── Data for analysis

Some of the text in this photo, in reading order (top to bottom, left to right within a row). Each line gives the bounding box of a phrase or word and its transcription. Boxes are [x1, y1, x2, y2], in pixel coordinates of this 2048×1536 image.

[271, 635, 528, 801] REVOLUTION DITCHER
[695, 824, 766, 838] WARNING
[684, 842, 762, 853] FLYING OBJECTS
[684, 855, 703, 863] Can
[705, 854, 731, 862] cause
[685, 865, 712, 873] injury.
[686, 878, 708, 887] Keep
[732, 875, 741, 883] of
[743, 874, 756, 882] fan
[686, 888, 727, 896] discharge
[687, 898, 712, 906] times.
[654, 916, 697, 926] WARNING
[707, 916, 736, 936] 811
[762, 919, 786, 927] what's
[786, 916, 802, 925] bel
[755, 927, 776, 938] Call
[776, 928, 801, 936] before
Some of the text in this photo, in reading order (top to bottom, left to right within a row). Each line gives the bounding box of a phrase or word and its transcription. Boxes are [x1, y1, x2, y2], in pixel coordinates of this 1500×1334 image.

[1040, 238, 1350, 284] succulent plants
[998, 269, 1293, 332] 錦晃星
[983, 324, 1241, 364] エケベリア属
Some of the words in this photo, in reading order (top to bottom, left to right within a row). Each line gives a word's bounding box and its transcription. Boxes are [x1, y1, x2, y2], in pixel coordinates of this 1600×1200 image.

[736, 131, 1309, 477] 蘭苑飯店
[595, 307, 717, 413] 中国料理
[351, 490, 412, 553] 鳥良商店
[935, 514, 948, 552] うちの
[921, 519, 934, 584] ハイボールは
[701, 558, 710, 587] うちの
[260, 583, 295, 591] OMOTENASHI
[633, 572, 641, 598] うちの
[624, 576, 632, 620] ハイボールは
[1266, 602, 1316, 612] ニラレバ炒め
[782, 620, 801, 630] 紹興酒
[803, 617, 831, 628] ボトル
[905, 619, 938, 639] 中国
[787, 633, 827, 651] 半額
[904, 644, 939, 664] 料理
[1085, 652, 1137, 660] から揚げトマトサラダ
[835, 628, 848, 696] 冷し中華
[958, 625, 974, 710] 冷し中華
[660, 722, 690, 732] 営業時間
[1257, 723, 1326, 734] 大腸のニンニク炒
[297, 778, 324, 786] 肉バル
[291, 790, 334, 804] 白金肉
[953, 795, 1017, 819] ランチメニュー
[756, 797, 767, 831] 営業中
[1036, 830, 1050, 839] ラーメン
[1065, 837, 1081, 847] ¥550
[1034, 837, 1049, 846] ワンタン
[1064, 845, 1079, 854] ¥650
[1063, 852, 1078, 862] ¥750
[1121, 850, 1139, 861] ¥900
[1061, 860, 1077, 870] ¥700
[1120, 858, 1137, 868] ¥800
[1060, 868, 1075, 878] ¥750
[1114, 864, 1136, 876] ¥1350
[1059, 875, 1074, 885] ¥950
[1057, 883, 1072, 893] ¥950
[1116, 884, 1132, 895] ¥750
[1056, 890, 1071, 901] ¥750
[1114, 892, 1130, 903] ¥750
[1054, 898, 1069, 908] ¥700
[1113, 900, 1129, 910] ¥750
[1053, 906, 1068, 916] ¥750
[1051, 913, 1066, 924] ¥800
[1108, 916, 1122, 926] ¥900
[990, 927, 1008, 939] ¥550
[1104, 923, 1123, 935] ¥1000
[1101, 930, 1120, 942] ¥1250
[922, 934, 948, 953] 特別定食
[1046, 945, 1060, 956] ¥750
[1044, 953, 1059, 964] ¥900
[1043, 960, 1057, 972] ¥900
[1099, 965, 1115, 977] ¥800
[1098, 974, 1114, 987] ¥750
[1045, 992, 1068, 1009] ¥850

────

* _Exercise prompt_: All of the data above must be repeated exactly.

* _Result of the exercise_:
Some of the text in this photo, in reading order (top to bottom, left to right within a row). Each line gives the bounding box of a phrase or word and its transcription. Boxes are [x1, y1, x2, y2], in pixel coordinates of this 2048×1536 image.

[271, 635, 528, 801] REVOLUTION DITCHER
[695, 824, 766, 838] WARNING
[684, 842, 762, 853] FLYING OBJECTS
[684, 855, 703, 863] Can
[705, 854, 731, 862] cause
[685, 865, 712, 873] injury.
[686, 878, 708, 887] Keep
[732, 875, 741, 883] of
[743, 874, 756, 882] fan
[686, 888, 727, 896] discharge
[687, 898, 712, 906] times.
[654, 916, 697, 926] WARNING
[707, 916, 736, 936] 811
[762, 919, 786, 927] what's
[786, 916, 802, 925] bel
[755, 927, 776, 938] Call
[776, 928, 801, 936] before
Some of the text in this photo, in reading order (top to bottom, left to right within a row). Each line gives the bounding box of a phrase or word and its transcription. Boxes are [x1, y1, x2, y2], in pixel coordinates of this 1500×1334 image.

[1040, 238, 1350, 284] succulent plants
[998, 269, 1293, 332] 錦晃星
[983, 324, 1241, 364] エケベリア属
Some of the words in this photo, in reading order (top to bottom, left to right within a row). Each line gives a word's bounding box and its transcription. Boxes are [x1, y1, x2, y2], in pixel coordinates of this 1600×1200 image.

[736, 131, 1309, 477] 蘭苑飯店
[595, 307, 717, 413] 中国料理
[351, 490, 412, 553] 鳥良商店
[935, 514, 948, 552] うちの
[921, 519, 934, 584] ハイボールは
[701, 558, 710, 587] うちの
[260, 583, 295, 591] OMOTENASHI
[633, 572, 641, 598] うちの
[624, 576, 632, 620] ハイボールは
[1266, 602, 1316, 612] ニラレバ炒め
[782, 620, 801, 630] 紹興酒
[803, 617, 831, 628] ボトル
[905, 619, 938, 639] 中国
[787, 633, 827, 651] 半額
[904, 644, 939, 664] 料理
[1085, 652, 1137, 660] から揚げトマトサラダ
[835, 628, 848, 696] 冷し中華
[958, 625, 974, 710] 冷し中華
[660, 722, 690, 732] 営業時間
[1257, 723, 1326, 734] 大腸のニンニク炒
[297, 778, 324, 786] 肉バル
[291, 790, 334, 804] 白金肉
[953, 795, 1017, 819] ランチメニュー
[756, 797, 767, 831] 営業中
[1036, 830, 1050, 839] ラーメン
[1065, 837, 1081, 847] ¥550
[1034, 837, 1049, 846] ワンタン
[1064, 845, 1079, 854] ¥650
[1063, 852, 1078, 862] ¥750
[1121, 850, 1139, 861] ¥900
[1061, 860, 1077, 870] ¥700
[1120, 858, 1137, 868] ¥800
[1060, 868, 1075, 878] ¥750
[1114, 864, 1136, 876] ¥1350
[1059, 875, 1074, 885] ¥950
[1057, 883, 1072, 893] ¥950
[1116, 884, 1132, 895] ¥750
[1056, 890, 1071, 901] ¥750
[1114, 892, 1130, 903] ¥750
[1054, 898, 1069, 908] ¥700
[1113, 900, 1129, 910] ¥750
[1053, 906, 1068, 916] ¥750
[1051, 913, 1066, 924] ¥800
[1108, 916, 1122, 926] ¥900
[990, 927, 1008, 939] ¥550
[1104, 923, 1123, 935] ¥1000
[1101, 930, 1120, 942] ¥1250
[922, 934, 948, 953] 特別定食
[1046, 945, 1060, 956] ¥750
[1044, 953, 1059, 964] ¥900
[1043, 960, 1057, 972] ¥900
[1099, 965, 1115, 977] ¥800
[1098, 974, 1114, 987] ¥750
[1045, 992, 1068, 1009] ¥850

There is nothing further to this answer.